──────── DATASET EXTRACT ────────

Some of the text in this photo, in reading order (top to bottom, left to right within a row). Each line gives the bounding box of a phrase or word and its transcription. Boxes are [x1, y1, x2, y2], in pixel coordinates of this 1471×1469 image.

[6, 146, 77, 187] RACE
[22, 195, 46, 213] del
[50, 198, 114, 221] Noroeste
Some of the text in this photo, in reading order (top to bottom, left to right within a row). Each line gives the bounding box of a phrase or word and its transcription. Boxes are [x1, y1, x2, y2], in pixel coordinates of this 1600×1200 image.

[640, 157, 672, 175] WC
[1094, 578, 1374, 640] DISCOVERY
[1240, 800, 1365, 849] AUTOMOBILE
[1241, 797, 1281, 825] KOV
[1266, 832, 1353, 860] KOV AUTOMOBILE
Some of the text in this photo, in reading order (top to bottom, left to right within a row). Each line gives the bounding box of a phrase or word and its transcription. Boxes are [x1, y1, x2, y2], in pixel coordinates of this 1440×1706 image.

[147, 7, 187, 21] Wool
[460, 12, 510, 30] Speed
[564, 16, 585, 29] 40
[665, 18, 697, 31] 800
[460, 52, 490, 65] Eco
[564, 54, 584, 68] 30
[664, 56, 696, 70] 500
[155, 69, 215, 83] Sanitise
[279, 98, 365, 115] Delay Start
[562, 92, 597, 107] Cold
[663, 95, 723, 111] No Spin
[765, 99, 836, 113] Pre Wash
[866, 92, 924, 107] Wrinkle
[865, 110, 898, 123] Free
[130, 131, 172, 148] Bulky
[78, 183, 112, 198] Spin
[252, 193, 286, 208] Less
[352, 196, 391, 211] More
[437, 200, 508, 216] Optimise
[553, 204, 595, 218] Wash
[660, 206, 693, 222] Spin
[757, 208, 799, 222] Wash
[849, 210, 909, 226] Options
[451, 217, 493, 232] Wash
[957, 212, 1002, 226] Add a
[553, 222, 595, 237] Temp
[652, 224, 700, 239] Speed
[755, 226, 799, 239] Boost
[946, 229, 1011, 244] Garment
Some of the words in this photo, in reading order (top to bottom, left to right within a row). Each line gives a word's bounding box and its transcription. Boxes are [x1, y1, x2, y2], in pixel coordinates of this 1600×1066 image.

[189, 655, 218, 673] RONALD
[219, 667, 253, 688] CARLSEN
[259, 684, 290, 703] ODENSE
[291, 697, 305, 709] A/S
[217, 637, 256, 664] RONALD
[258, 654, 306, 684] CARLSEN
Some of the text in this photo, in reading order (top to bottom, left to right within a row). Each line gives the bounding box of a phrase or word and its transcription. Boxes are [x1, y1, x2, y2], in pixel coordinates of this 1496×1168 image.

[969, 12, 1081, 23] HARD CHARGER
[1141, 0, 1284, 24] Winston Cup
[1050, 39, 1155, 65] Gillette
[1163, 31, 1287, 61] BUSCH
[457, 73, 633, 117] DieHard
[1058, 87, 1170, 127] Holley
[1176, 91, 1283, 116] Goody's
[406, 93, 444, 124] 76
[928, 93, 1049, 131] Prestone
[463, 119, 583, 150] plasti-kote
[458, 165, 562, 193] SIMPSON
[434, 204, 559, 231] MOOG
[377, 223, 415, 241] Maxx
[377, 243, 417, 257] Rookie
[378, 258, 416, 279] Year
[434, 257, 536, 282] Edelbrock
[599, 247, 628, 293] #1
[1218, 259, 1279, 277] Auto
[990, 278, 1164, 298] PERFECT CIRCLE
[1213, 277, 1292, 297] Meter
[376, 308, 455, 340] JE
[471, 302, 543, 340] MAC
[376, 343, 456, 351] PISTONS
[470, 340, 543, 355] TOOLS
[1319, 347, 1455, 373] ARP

────────

YOUR GOAL: Output the entries exactly.

WRITTEN ANSWER:
Some of the text in this photo, in reading order (top to bottom, left to right within a row). Each line gives the bounding box of a phrase or word and its transcription. Boxes are [x1, y1, x2, y2], in pixel coordinates of this 1471×1469 image.

[6, 146, 77, 187] RACE
[22, 195, 46, 213] del
[50, 198, 114, 221] Noroeste
Some of the text in this photo, in reading order (top to bottom, left to right within a row). Each line gives the bounding box of a phrase or word and its transcription. Boxes are [x1, y1, x2, y2], in pixel coordinates of this 1600×1200 image.

[640, 157, 672, 175] WC
[1094, 578, 1374, 640] DISCOVERY
[1240, 800, 1365, 849] AUTOMOBILE
[1241, 797, 1281, 825] KOV
[1266, 832, 1353, 860] KOV AUTOMOBILE
Some of the text in this photo, in reading order (top to bottom, left to right within a row). Each line gives the bounding box of a phrase or word and its transcription. Boxes are [x1, y1, x2, y2], in pixel coordinates of this 1440×1706 image.

[147, 7, 187, 21] Wool
[460, 12, 510, 30] Speed
[564, 16, 585, 29] 40
[665, 18, 697, 31] 800
[460, 52, 490, 65] Eco
[564, 54, 584, 68] 30
[664, 56, 696, 70] 500
[155, 69, 215, 83] Sanitise
[279, 98, 365, 115] Delay Start
[562, 92, 597, 107] Cold
[663, 95, 723, 111] No Spin
[765, 99, 836, 113] Pre Wash
[866, 92, 924, 107] Wrinkle
[865, 110, 898, 123] Free
[130, 131, 172, 148] Bulky
[78, 183, 112, 198] Spin
[252, 193, 286, 208] Less
[352, 196, 391, 211] More
[437, 200, 508, 216] Optimise
[553, 204, 595, 218] Wash
[660, 206, 693, 222] Spin
[757, 208, 799, 222] Wash
[849, 210, 909, 226] Options
[451, 217, 493, 232] Wash
[957, 212, 1002, 226] Add a
[553, 222, 595, 237] Temp
[652, 224, 700, 239] Speed
[755, 226, 799, 239] Boost
[946, 229, 1011, 244] Garment
Some of the words in this photo, in reading order (top to bottom, left to right within a row). Each line gives a word's bounding box and its transcription. Boxes are [x1, y1, x2, y2], in pixel coordinates of this 1600×1066 image.

[189, 655, 218, 673] RONALD
[219, 667, 253, 688] CARLSEN
[259, 684, 290, 703] ODENSE
[291, 697, 305, 709] A/S
[217, 637, 256, 664] RONALD
[258, 654, 306, 684] CARLSEN
Some of the text in this photo, in reading order (top to bottom, left to right within a row). Each line gives the bounding box of a phrase or word and its transcription. Boxes are [x1, y1, x2, y2], in pixel coordinates of this 1496×1168 image.

[969, 12, 1081, 23] HARD CHARGER
[1141, 0, 1284, 24] Winston Cup
[1050, 39, 1155, 65] Gillette
[1163, 31, 1287, 61] BUSCH
[457, 73, 633, 117] DieHard
[1058, 87, 1170, 127] Holley
[1176, 91, 1283, 116] Goody's
[406, 93, 444, 124] 76
[928, 93, 1049, 131] Prestone
[463, 119, 583, 150] plasti-kote
[458, 165, 562, 193] SIMPSON
[434, 204, 559, 231] MOOG
[377, 223, 415, 241] Maxx
[377, 243, 417, 257] Rookie
[378, 258, 416, 279] Year
[434, 257, 536, 282] Edelbrock
[599, 247, 628, 293] #1
[1218, 259, 1279, 277] Auto
[990, 278, 1164, 298] PERFECT CIRCLE
[1213, 277, 1292, 297] Meter
[376, 308, 455, 340] JE
[471, 302, 543, 340] MAC
[376, 343, 456, 351] PISTONS
[470, 340, 543, 355] TOOLS
[1319, 347, 1455, 373] ARP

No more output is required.